:: EXERCISE INSTRUCTIONS ::
Make an exact copy of the entries below, with all images left out.

:: GIVEN INFORMATION ::

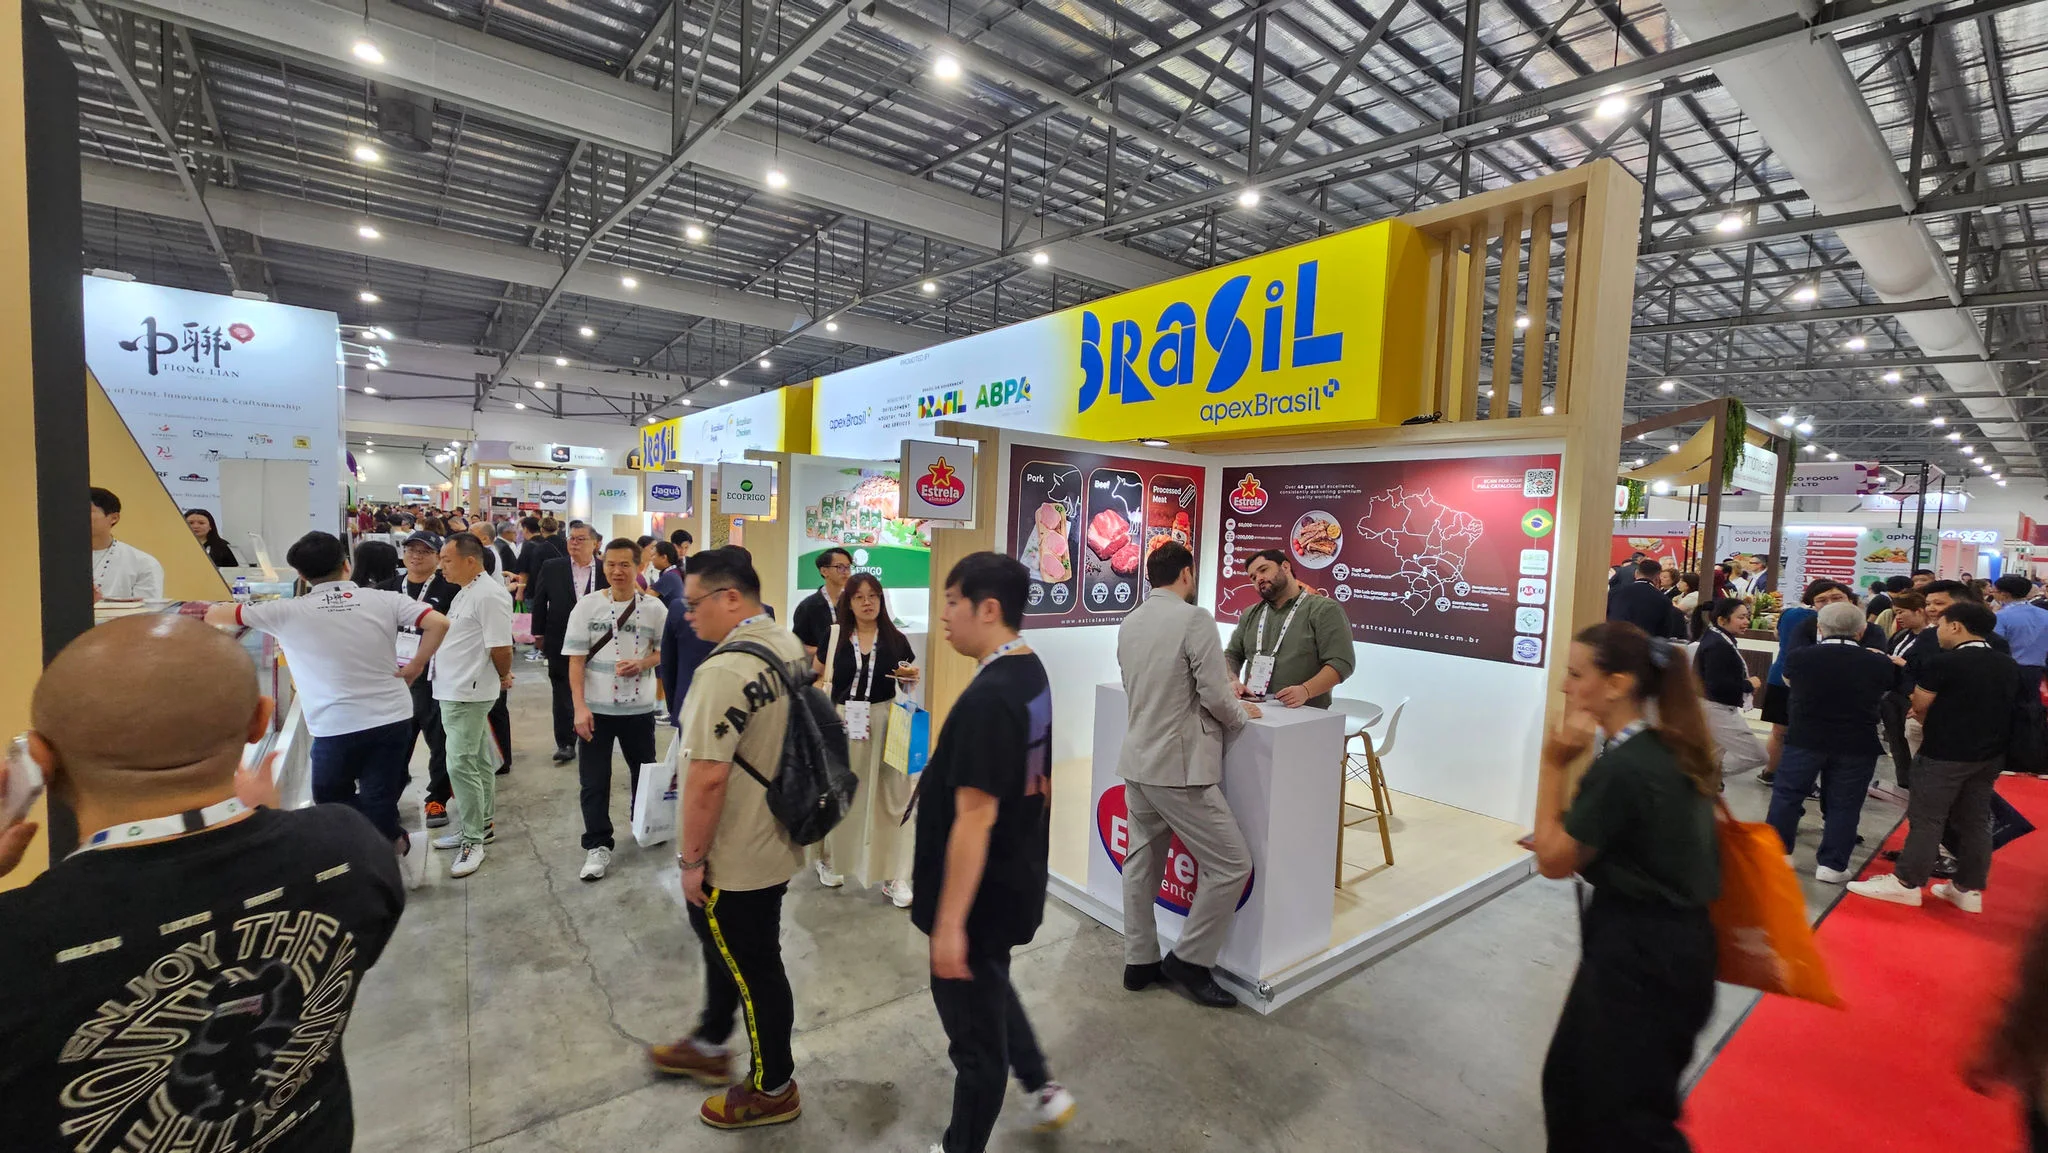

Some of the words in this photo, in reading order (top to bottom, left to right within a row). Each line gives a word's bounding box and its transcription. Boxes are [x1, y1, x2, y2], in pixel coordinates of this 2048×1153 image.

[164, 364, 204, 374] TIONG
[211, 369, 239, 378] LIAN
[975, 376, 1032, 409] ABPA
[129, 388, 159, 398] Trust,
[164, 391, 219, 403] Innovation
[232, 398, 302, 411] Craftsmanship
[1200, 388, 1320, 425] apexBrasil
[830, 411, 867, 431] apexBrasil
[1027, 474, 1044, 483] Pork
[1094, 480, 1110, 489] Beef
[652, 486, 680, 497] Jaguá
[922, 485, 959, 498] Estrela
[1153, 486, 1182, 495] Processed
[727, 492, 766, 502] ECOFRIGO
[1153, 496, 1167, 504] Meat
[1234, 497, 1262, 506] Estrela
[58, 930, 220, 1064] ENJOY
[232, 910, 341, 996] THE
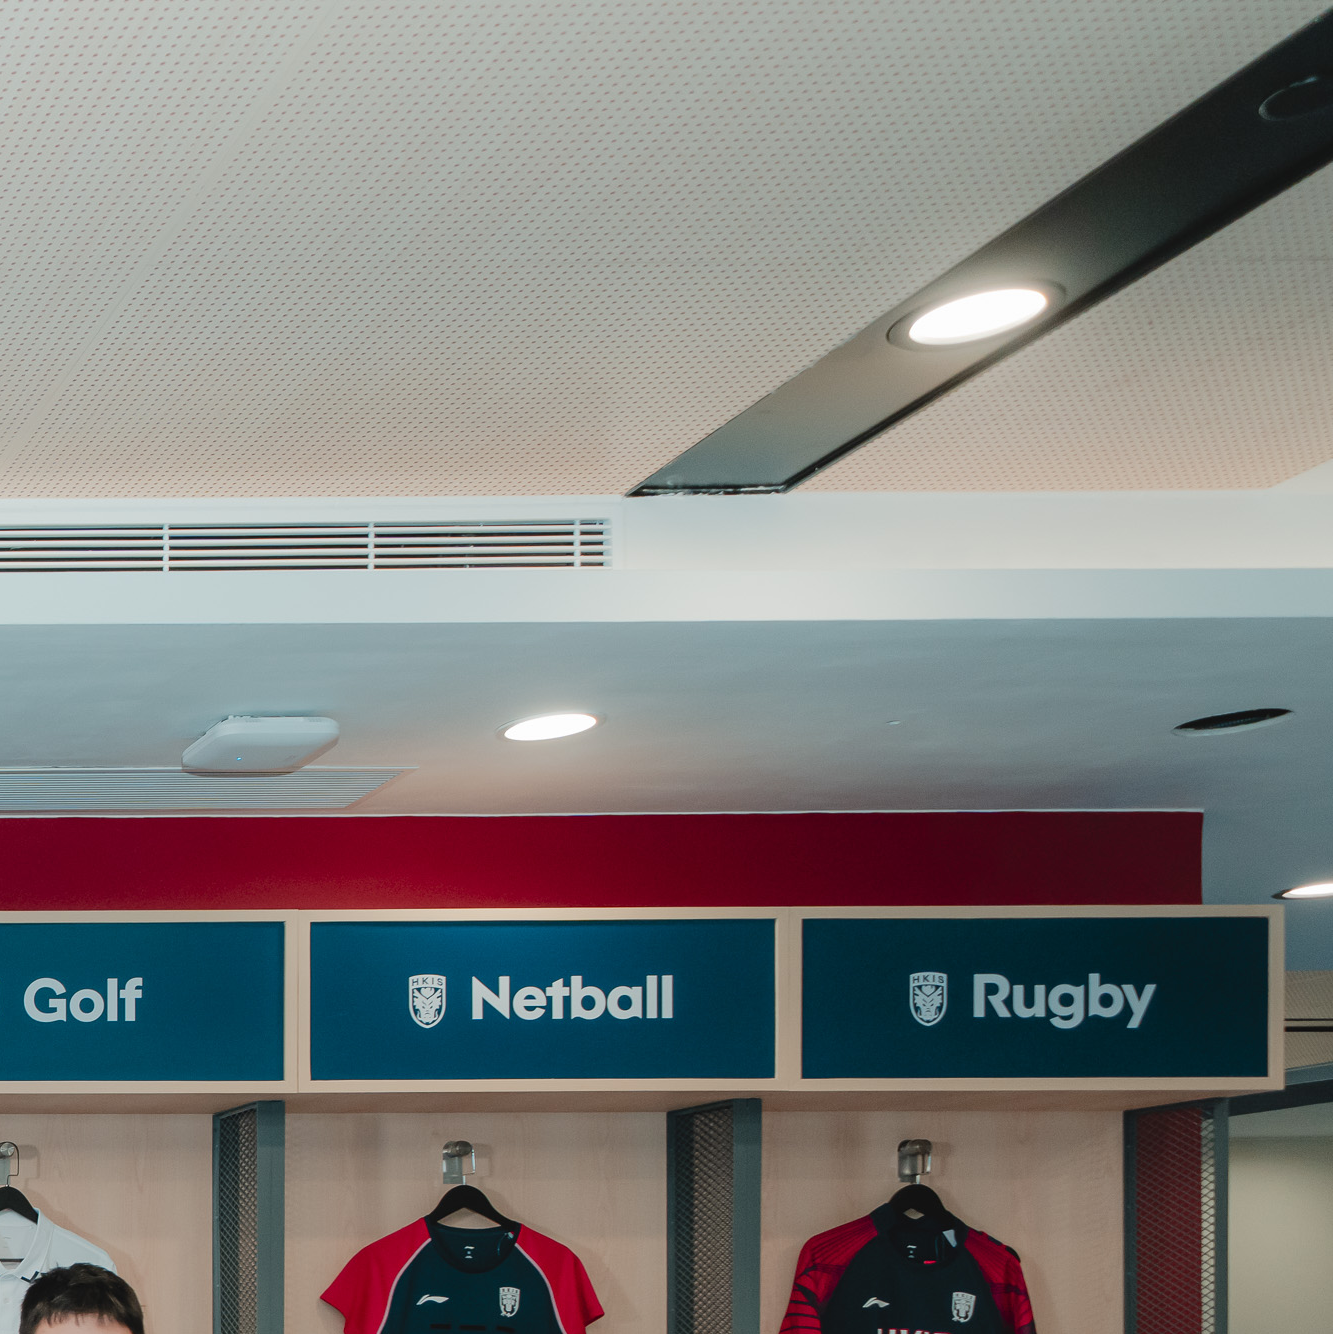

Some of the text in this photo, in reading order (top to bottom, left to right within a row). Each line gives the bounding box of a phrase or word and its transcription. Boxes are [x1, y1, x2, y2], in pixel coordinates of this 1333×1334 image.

:: OUTPUT OF THE EXERCISE ::
Some of the words in this photo, in reading order (top to bottom, left to right within a row). Each line gives a word's bounding box and its transcription. Boxes are [x1, y1, x2, y2], in pixel coordinates of this 2048×1153 image.

[164, 364, 204, 374] TIONG
[211, 369, 239, 378] LIAN
[975, 376, 1032, 409] ABPA
[129, 388, 159, 398] Trust,
[164, 391, 219, 403] Innovation
[232, 398, 302, 411] Craftsmanship
[1200, 388, 1320, 425] apexBrasil
[830, 411, 867, 431] apexBrasil
[1027, 474, 1044, 483] Pork
[1094, 480, 1110, 489] Beef
[652, 486, 680, 497] Jaguá
[922, 485, 959, 498] Estrela
[1153, 486, 1182, 495] Processed
[727, 492, 766, 502] ECOFRIGO
[1153, 496, 1167, 504] Meat
[1234, 497, 1262, 506] Estrela
[58, 930, 220, 1064] ENJOY
[232, 910, 341, 996] THE

Some of the text in this photo, in reading order (top to bottom, left to right within a row). Each line gives the bounding box of a phrase or word and its transcription. Boxes are [x1, y1, x2, y2], in pixel coordinates of this 1333×1334 image.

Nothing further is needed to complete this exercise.